(Data for the task Opens)

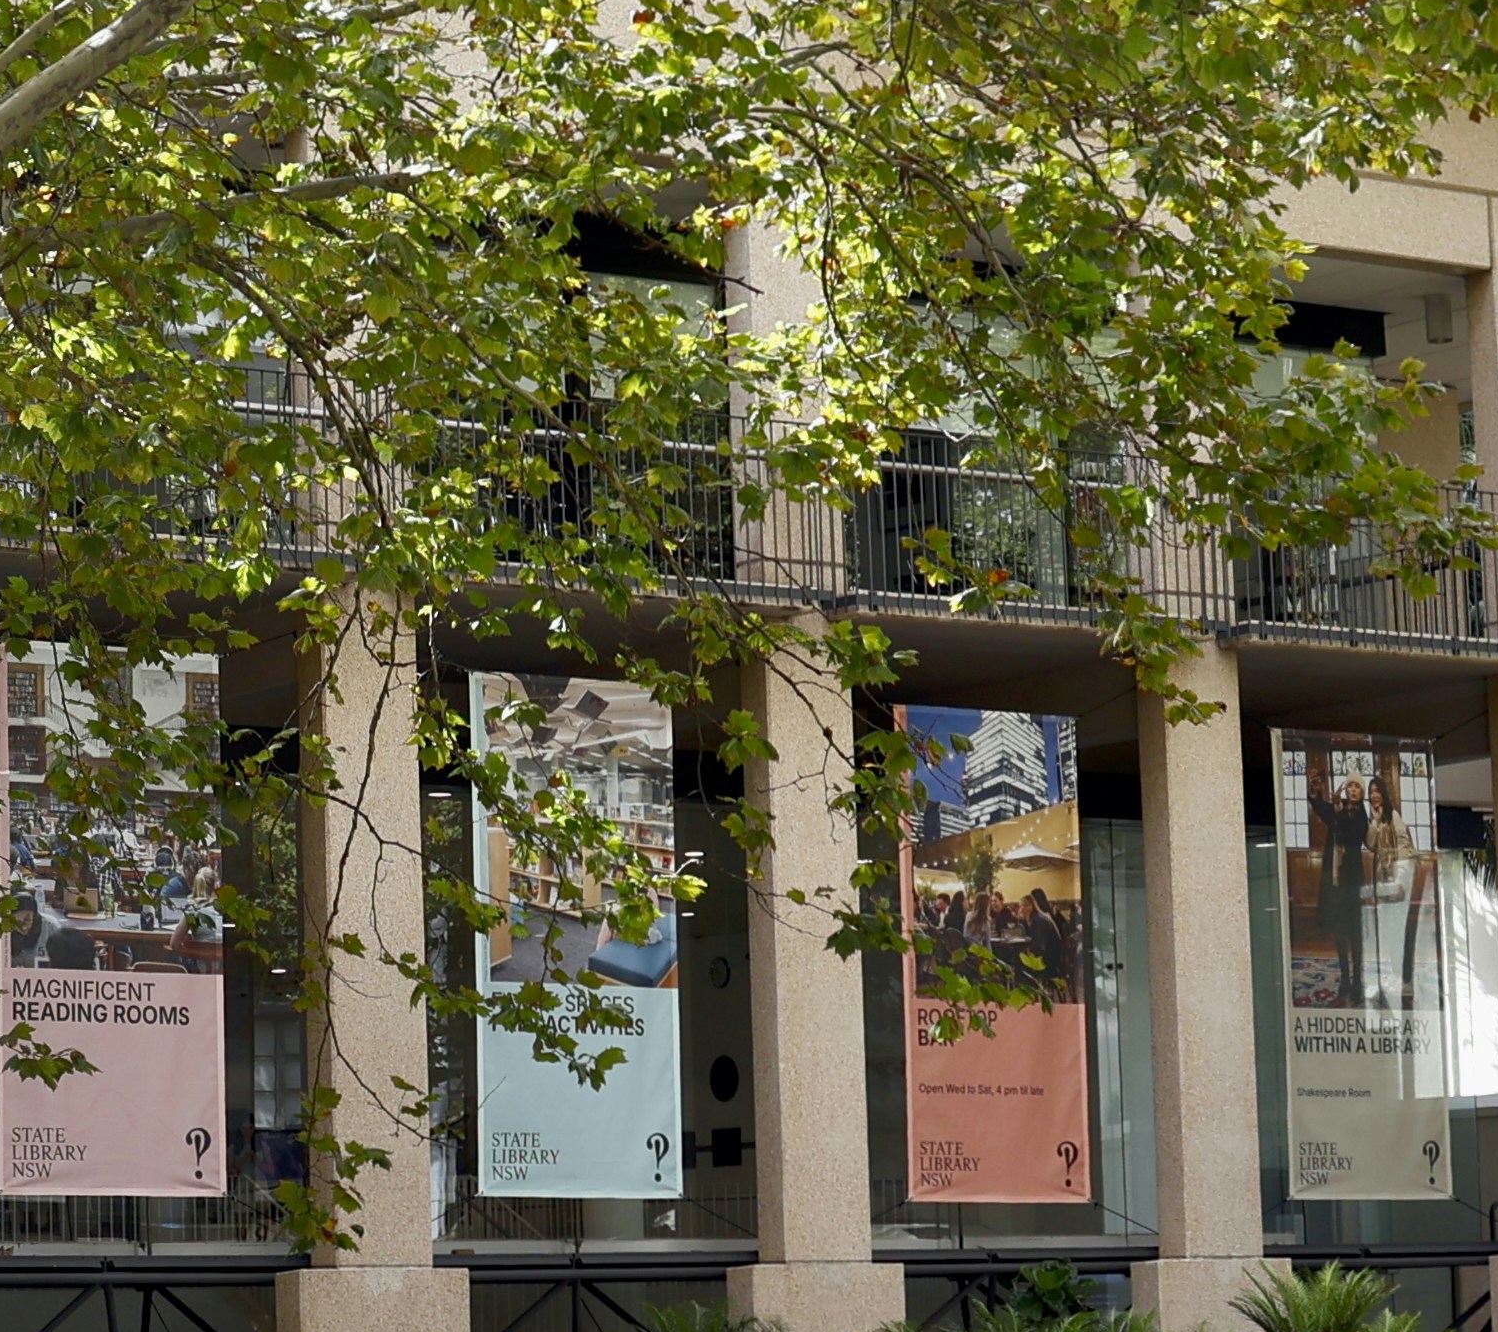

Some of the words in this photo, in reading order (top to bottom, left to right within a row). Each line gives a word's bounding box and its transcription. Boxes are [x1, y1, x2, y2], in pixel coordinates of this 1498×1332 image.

[12, 979, 155, 1001] MAGNIFICENT
[565, 994, 634, 1014] SPCES
[12, 1002, 107, 1023] READING
[114, 1005, 190, 1025] ROOMS
[1294, 1017, 1303, 1033] A
[1307, 1017, 1366, 1034] HIDDEN
[1371, 1019, 1429, 1035] LIBRARY
[1294, 1036, 1351, 1053] WITHIN
[1356, 1037, 1367, 1053] A
[1371, 1038, 1430, 1055] LIBRARY
[919, 1083, 944, 1095] Open
[945, 1084, 965, 1094] Wed
[968, 1084, 976, 1094] to
[977, 1084, 994, 1096] Sat,
[996, 1085, 1002, 1095] 4
[1004, 1087, 1018, 1096] pm
[1030, 1085, 1044, 1096] late
[1297, 1087, 1347, 1099] Shakespeare
[1348, 1088, 1371, 1098] Room
[12, 1127, 66, 1143] STATE
[492, 1132, 540, 1148] STATE
[12, 1144, 87, 1161] LIBRARY
[492, 1148, 560, 1164] LIBRARY
[920, 1141, 964, 1155] STATE
[1299, 1142, 1338, 1156] STATE
[12, 1162, 52, 1178] NSW
[920, 1157, 980, 1171] LIBRARY
[1300, 1157, 1353, 1171] LIBRARY
[492, 1166, 528, 1181] NSW
[920, 1173, 952, 1187] NSW
[1300, 1172, 1329, 1185] NSW
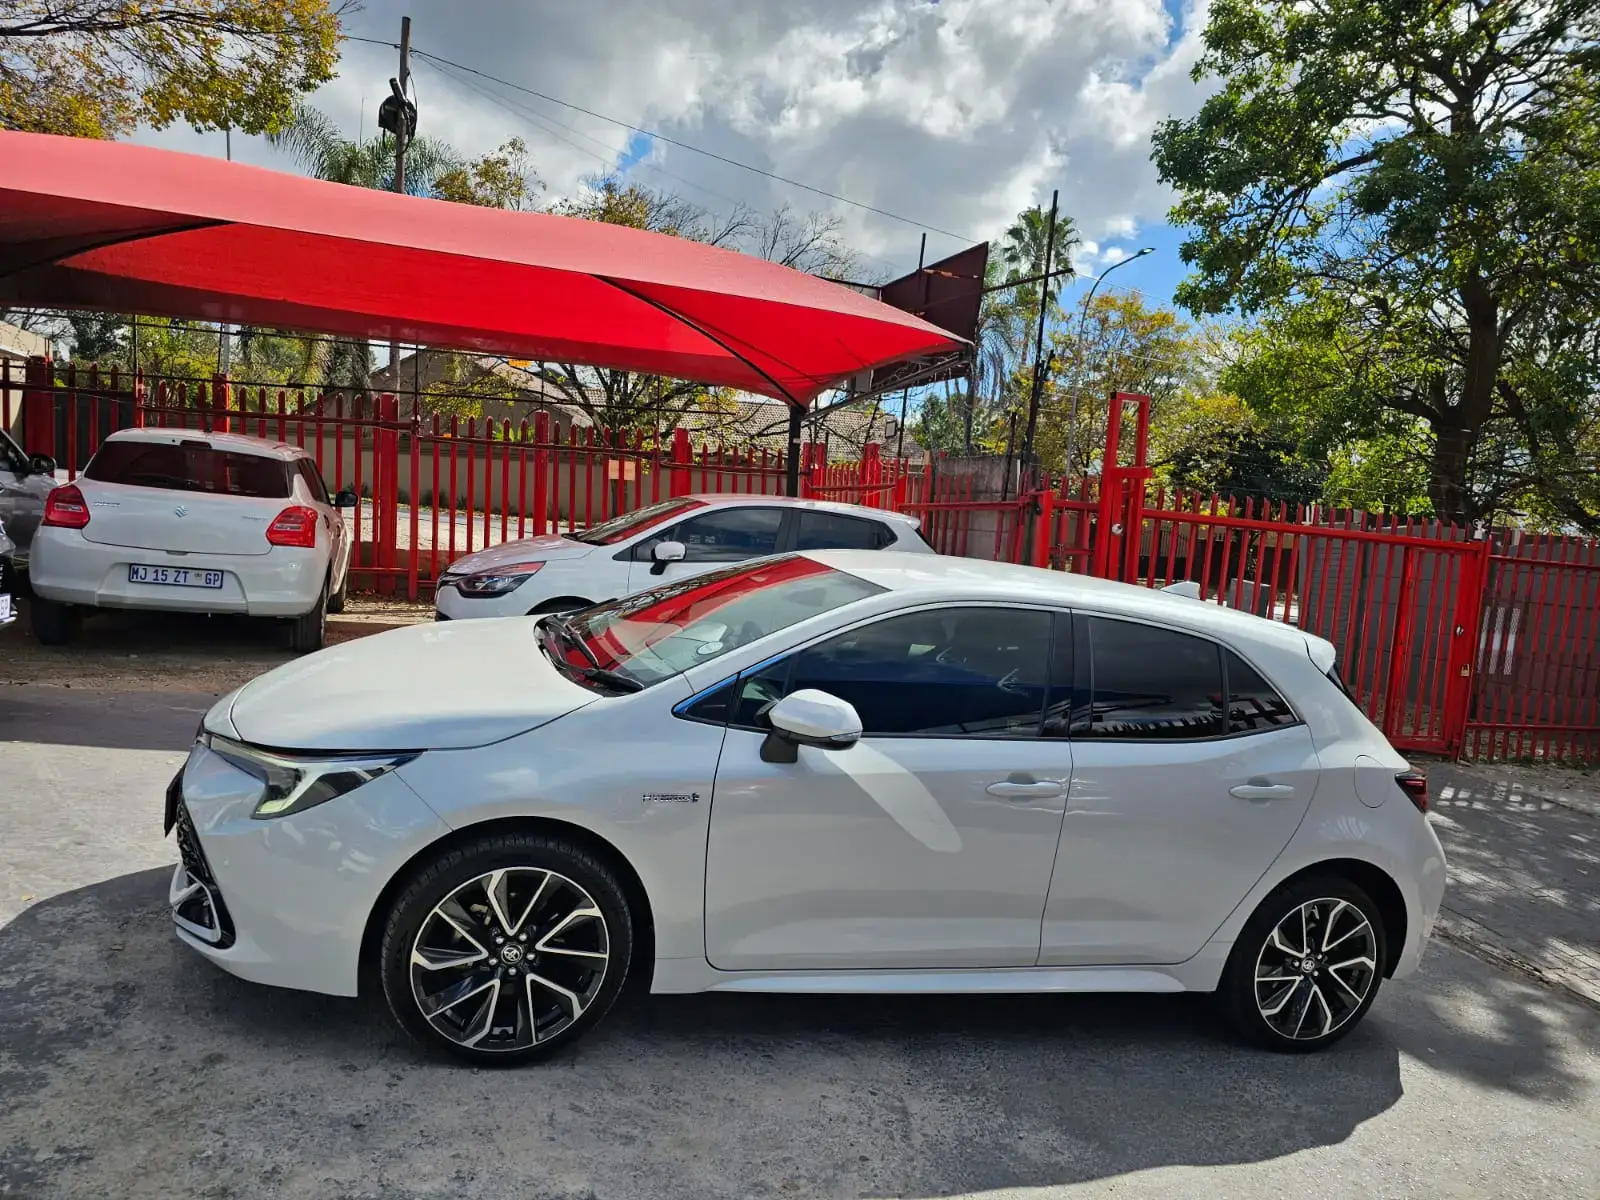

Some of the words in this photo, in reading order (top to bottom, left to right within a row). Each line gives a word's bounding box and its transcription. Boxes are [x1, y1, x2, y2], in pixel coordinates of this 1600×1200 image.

[131, 567, 147, 581] MJ
[152, 568, 169, 582] 15
[173, 570, 190, 583] ZT
[205, 572, 220, 585] GP
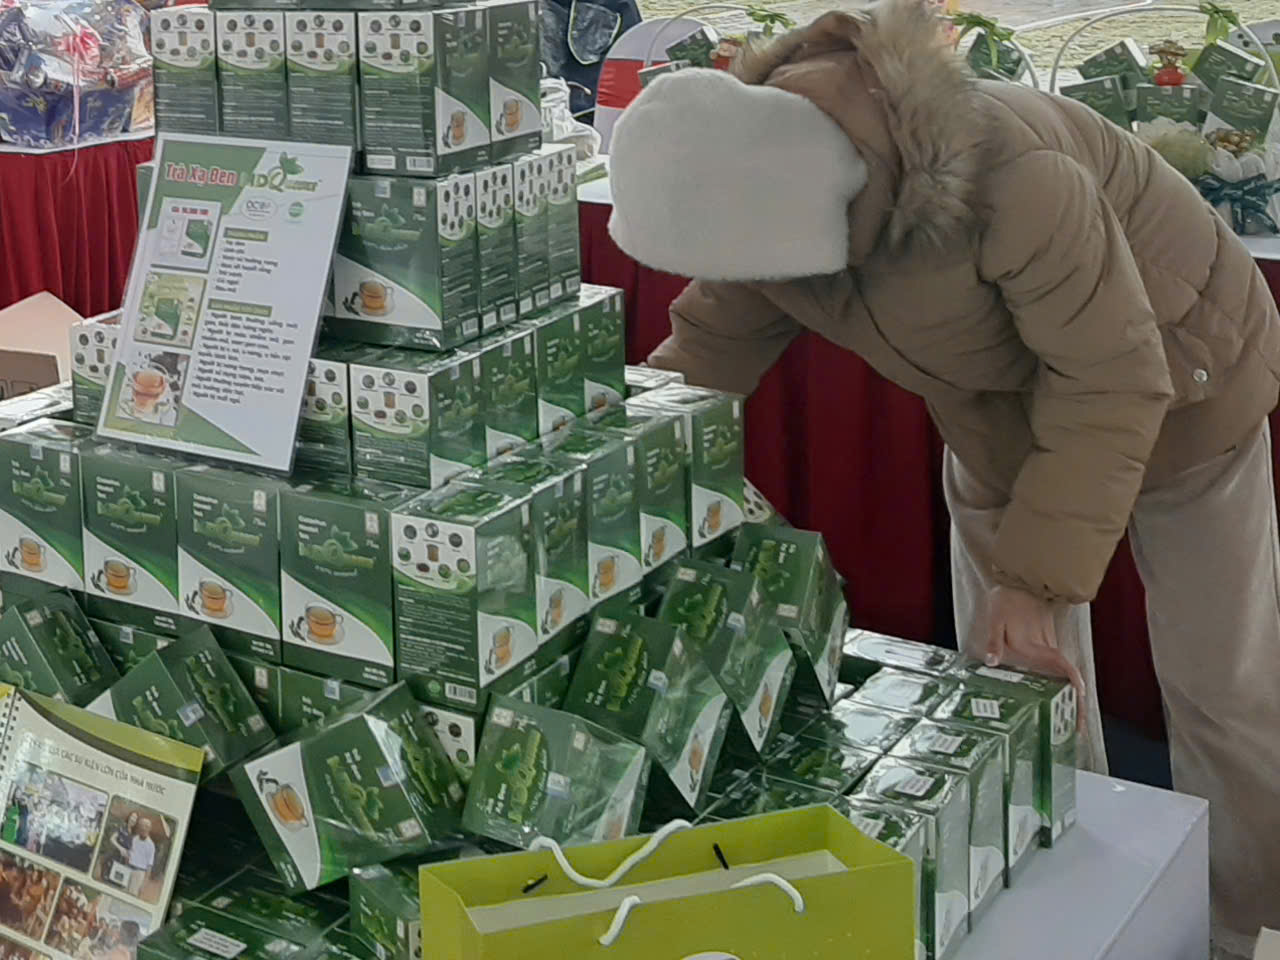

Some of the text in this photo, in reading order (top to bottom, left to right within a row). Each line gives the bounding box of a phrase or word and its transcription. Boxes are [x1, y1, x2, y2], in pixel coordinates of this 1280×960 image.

[165, 162, 238, 186] Trà Xạ Đen

(Data for the task Closes)

** What the task requires **
Return every line shown above without changing a word, and skip the pictures.

** Exercise result **
Some of the words in this photo, in reading order (top to bottom, left to right within a row). Each line gives a word's bounding box and its transcription. Boxes are [x1, y1, x2, y2], in pixel coordinates of this 1498×1332 image.

[12, 979, 155, 1001] MAGNIFICENT
[565, 994, 634, 1014] SPCES
[12, 1002, 107, 1023] READING
[114, 1005, 190, 1025] ROOMS
[1294, 1017, 1303, 1033] A
[1307, 1017, 1366, 1034] HIDDEN
[1371, 1019, 1429, 1035] LIBRARY
[1294, 1036, 1351, 1053] WITHIN
[1356, 1037, 1367, 1053] A
[1371, 1038, 1430, 1055] LIBRARY
[919, 1083, 944, 1095] Open
[945, 1084, 965, 1094] Wed
[968, 1084, 976, 1094] to
[977, 1084, 994, 1096] Sat,
[996, 1085, 1002, 1095] 4
[1004, 1087, 1018, 1096] pm
[1030, 1085, 1044, 1096] late
[1297, 1087, 1347, 1099] Shakespeare
[1348, 1088, 1371, 1098] Room
[12, 1127, 66, 1143] STATE
[492, 1132, 540, 1148] STATE
[12, 1144, 87, 1161] LIBRARY
[492, 1148, 560, 1164] LIBRARY
[920, 1141, 964, 1155] STATE
[1299, 1142, 1338, 1156] STATE
[12, 1162, 52, 1178] NSW
[920, 1157, 980, 1171] LIBRARY
[1300, 1157, 1353, 1171] LIBRARY
[492, 1166, 528, 1181] NSW
[920, 1173, 952, 1187] NSW
[1300, 1172, 1329, 1185] NSW

Some of the words in this photo, in reading order (top to bottom, left to right within a row). Each line gives a word's bounding box and its transcription. Boxes are [x1, y1, x2, y2], in pixel coordinates of this 1600×1200 image.

[131, 567, 147, 581] MJ
[152, 568, 169, 582] 15
[173, 570, 190, 583] ZT
[205, 572, 220, 585] GP

Some of the text in this photo, in reading order (top to bottom, left to right within a row). Each line gives the bounding box of a phrase or word and its transcription. Boxes are [x1, y1, x2, y2], in pixel coordinates of this 1280×960 image.

[165, 162, 238, 186] Trà Xạ Đen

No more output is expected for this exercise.